Abstract
Recent studies have shown that many types of cancer cells have increased levels of reactive oxygen species (ROS) and enhance antioxidant capacity as an adaptation to intrinsic oxidative stress, suggesting that cancer cells are more vulnerable to oxidative insults and are more dependent on antioxidant systems compared with normal cells. Thus, disruption of redox homeostasis caused by a decline in antioxidant capacity may provide a method for the selective death of cancer cells. Here we show that ROS-mediated selective death of tumor cells can be caused by inhibiting sulfiredoxin (Srx), which reduces hyperoxidized peroxiredoxins, leading to their reactivation. Srx inhibitor increased the accumulation of sulfinic peroxiredoxins and ROS, which led to oxidative mitochondrial damage and caspase activation, resulting in the death of A549 human lung adenocarcinoma cells.
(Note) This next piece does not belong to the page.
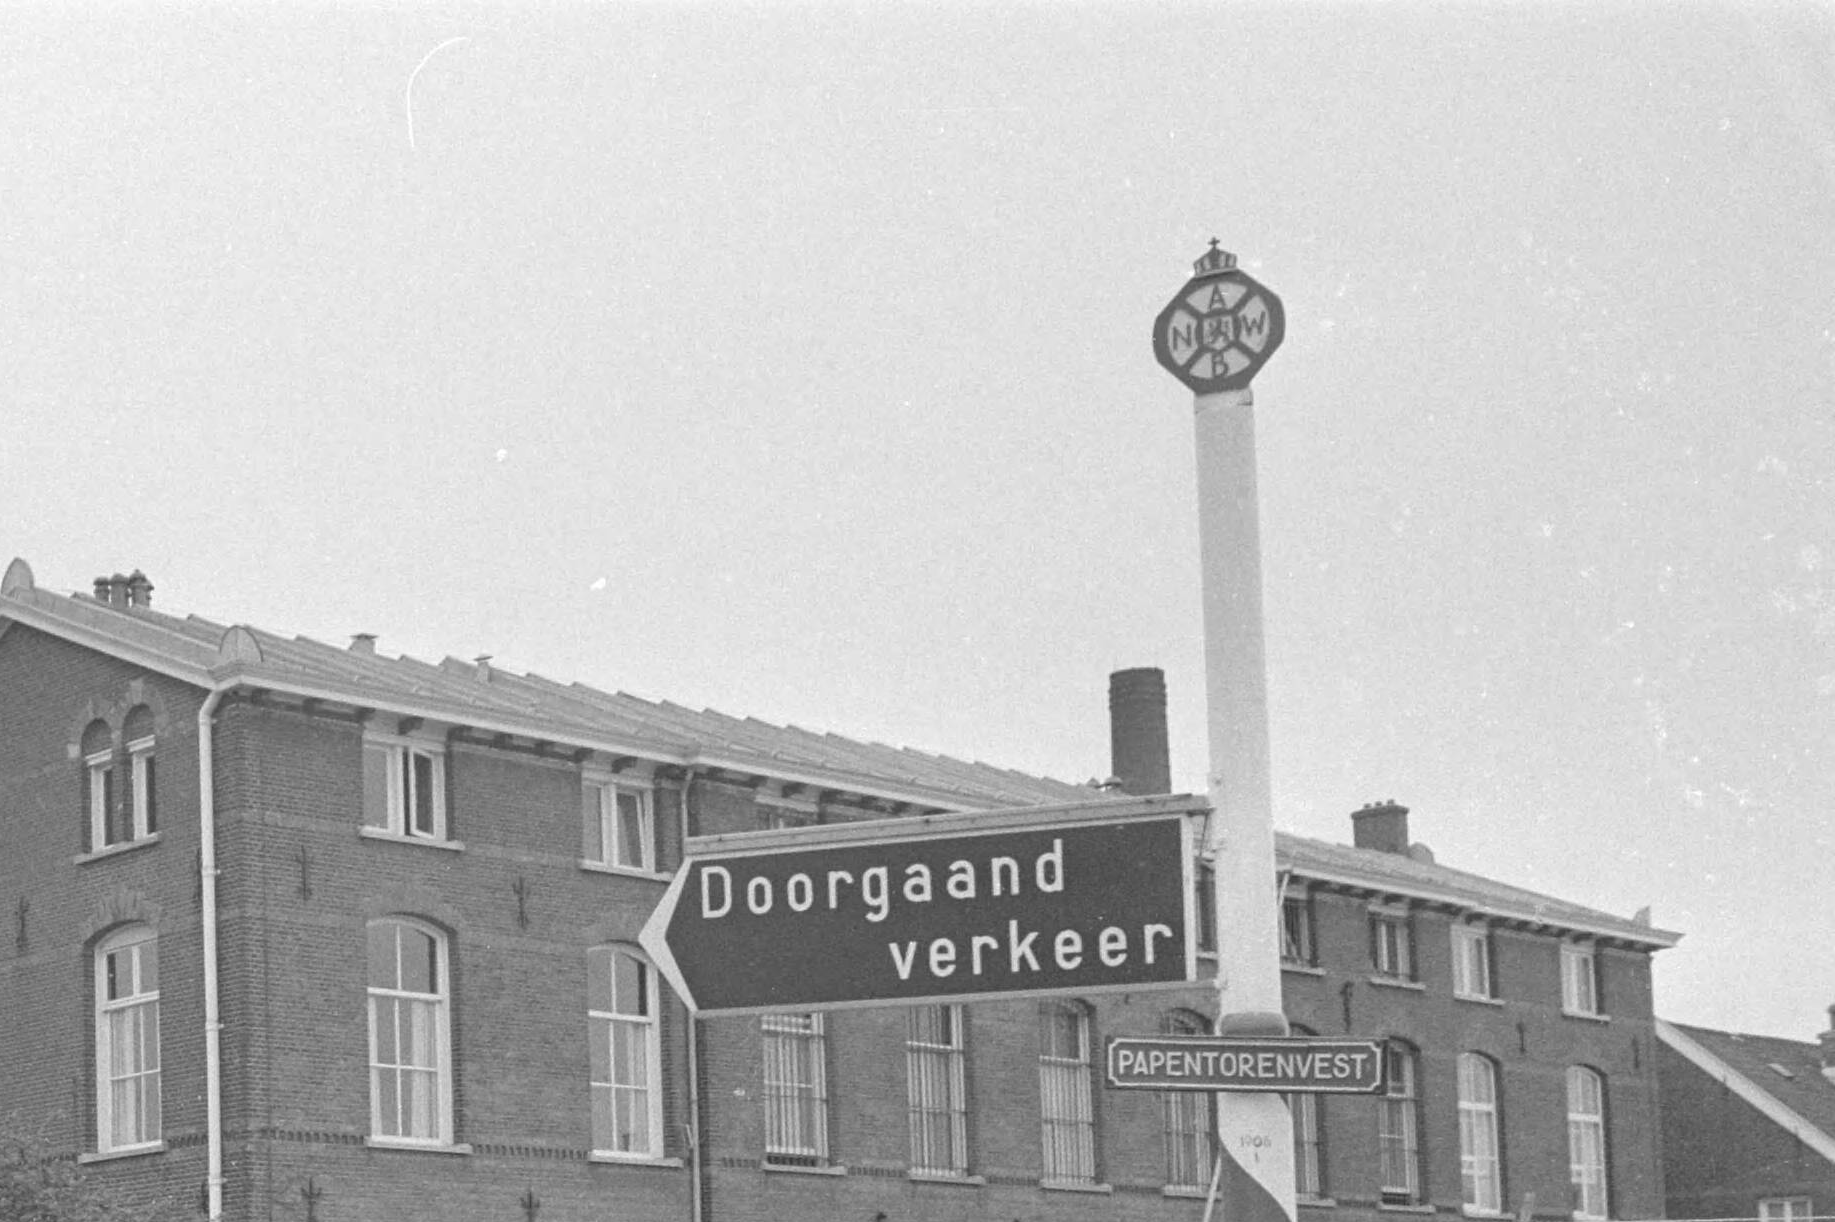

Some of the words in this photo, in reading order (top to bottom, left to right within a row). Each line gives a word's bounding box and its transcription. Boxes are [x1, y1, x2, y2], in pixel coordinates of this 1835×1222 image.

[701, 839, 1065, 923] Doorgaand
[888, 919, 1174, 981] verkeer
[1118, 1051, 1368, 1080] PAPENTORENVEST
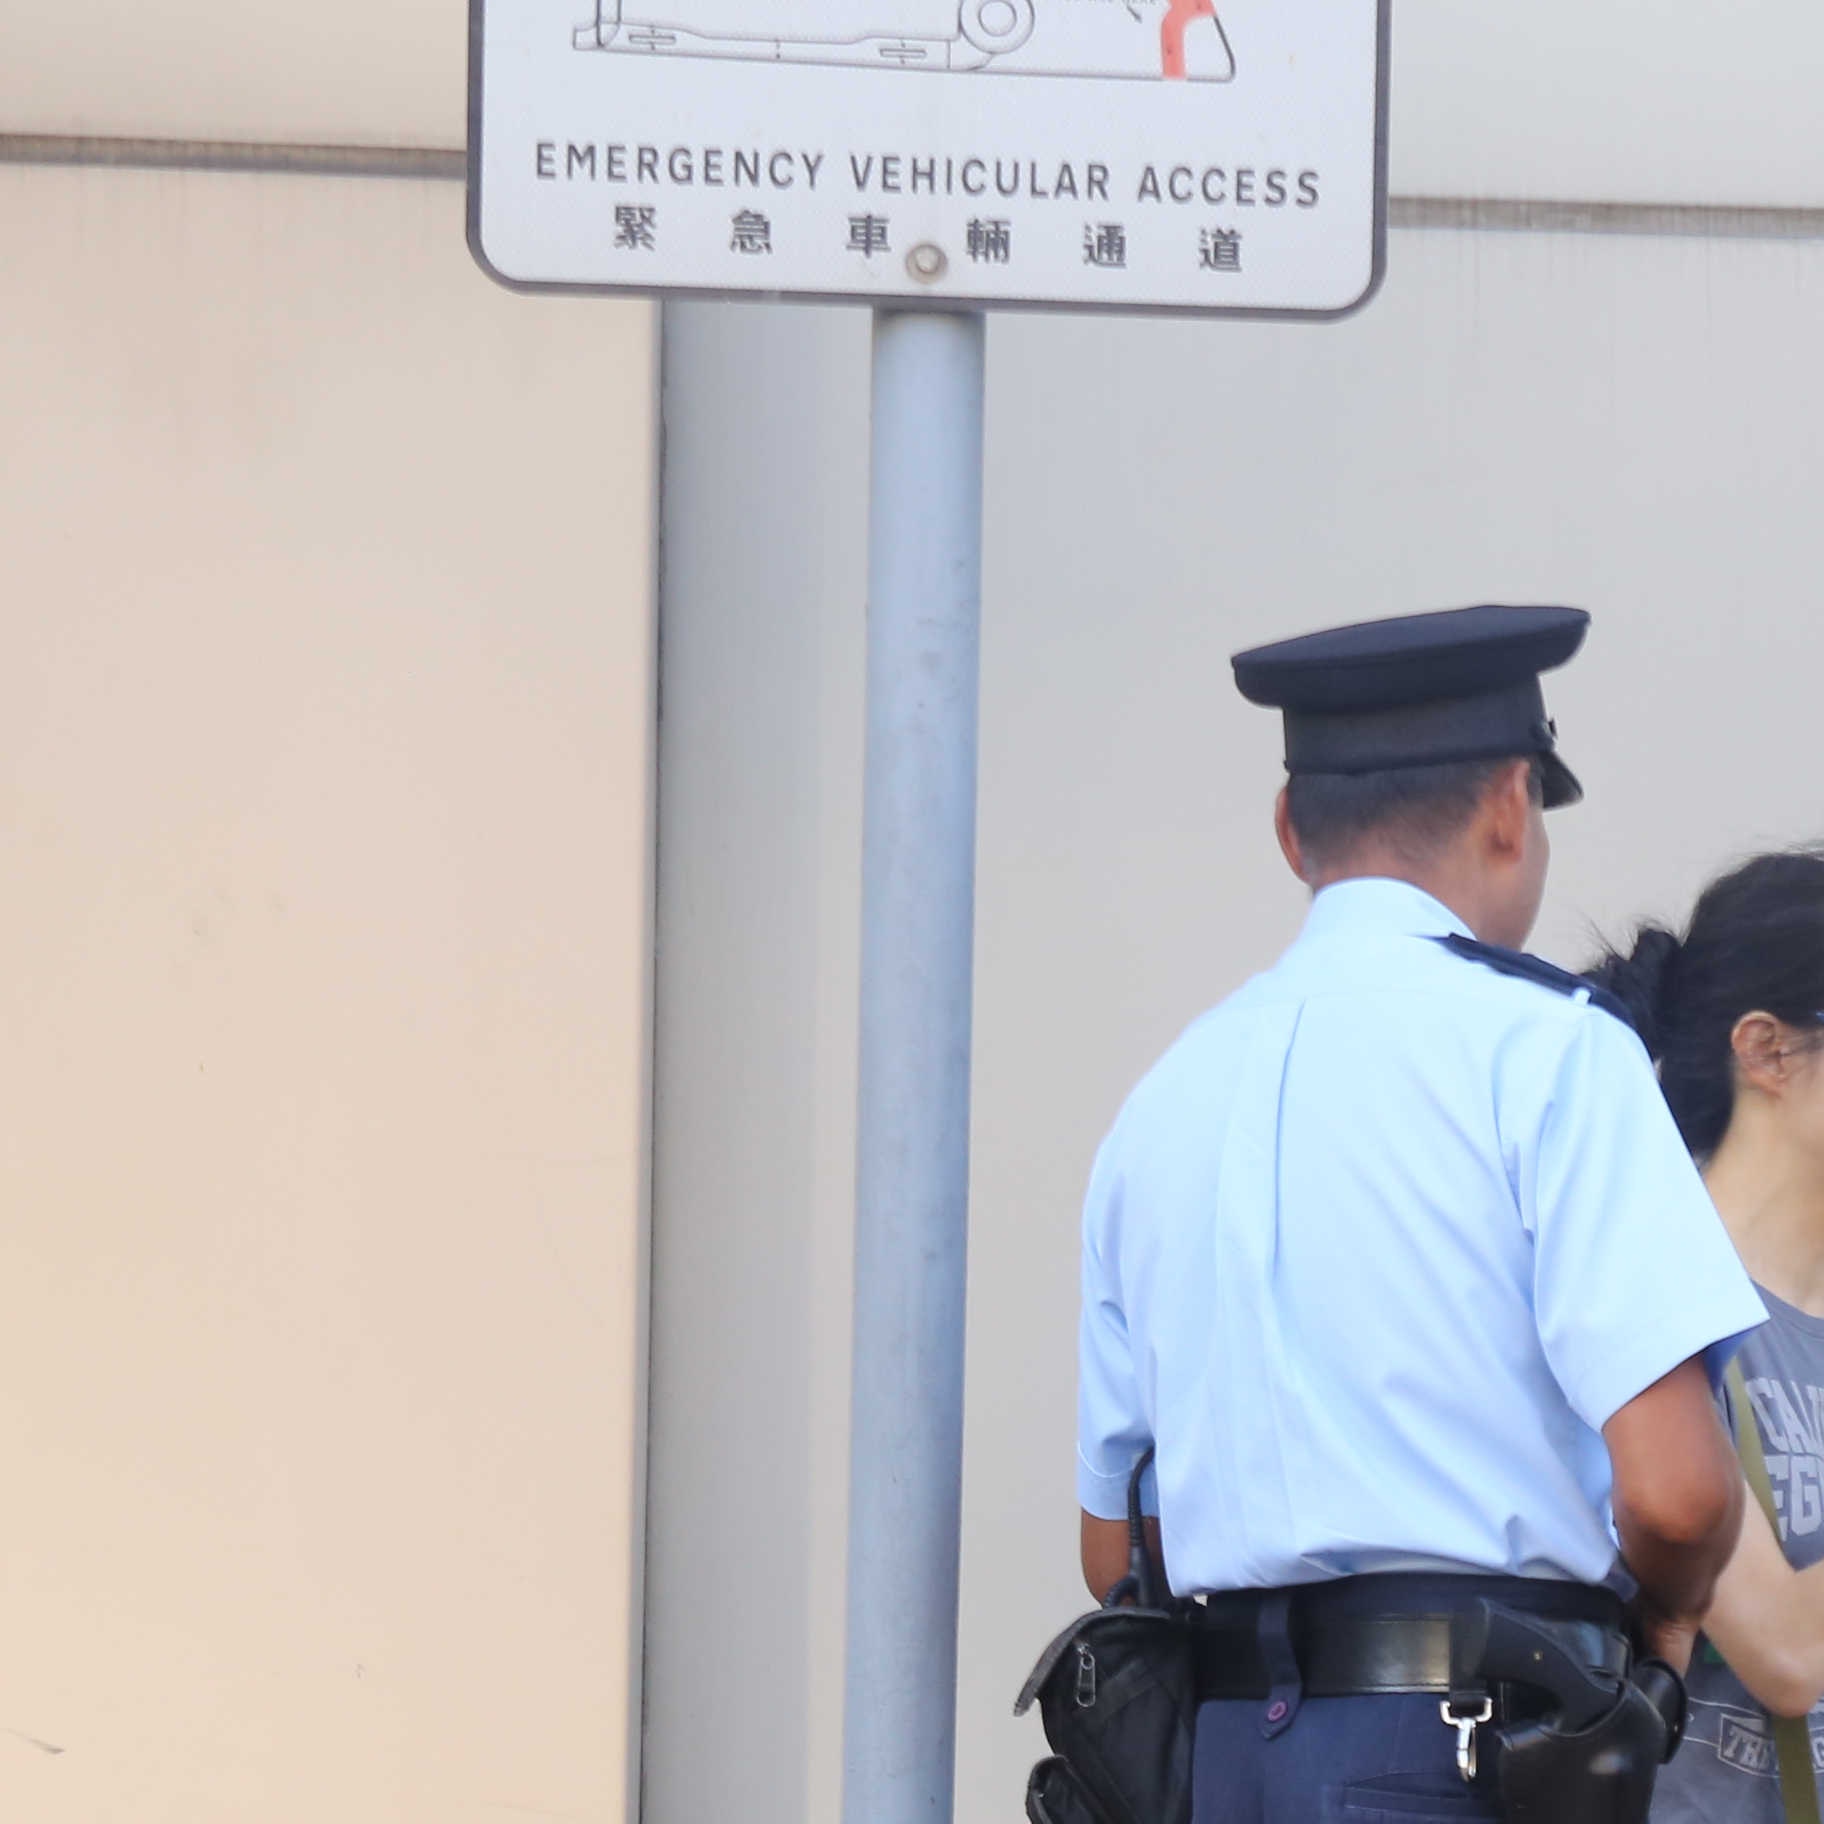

Srx depletion also inhibited the growth of A549 cells like Srx inhibition, and the cytotoxic effects of Srx inhibitor were considerably reversed by Srx overexpression or antioxidants such as N-acetyl cysteine and butylated hydroxyanisol. Moreover, Srx inhibitor rendered tumorigenic ovarian cells more susceptible to ROS-mediated death compared with nontumorigenic cells and significantly suppressed the growth of A549 xenografts without acute toxicity. Our results suggest that Srx might serve as a novel therapeutic target for cancer treatment based on ROS-mediated cell death.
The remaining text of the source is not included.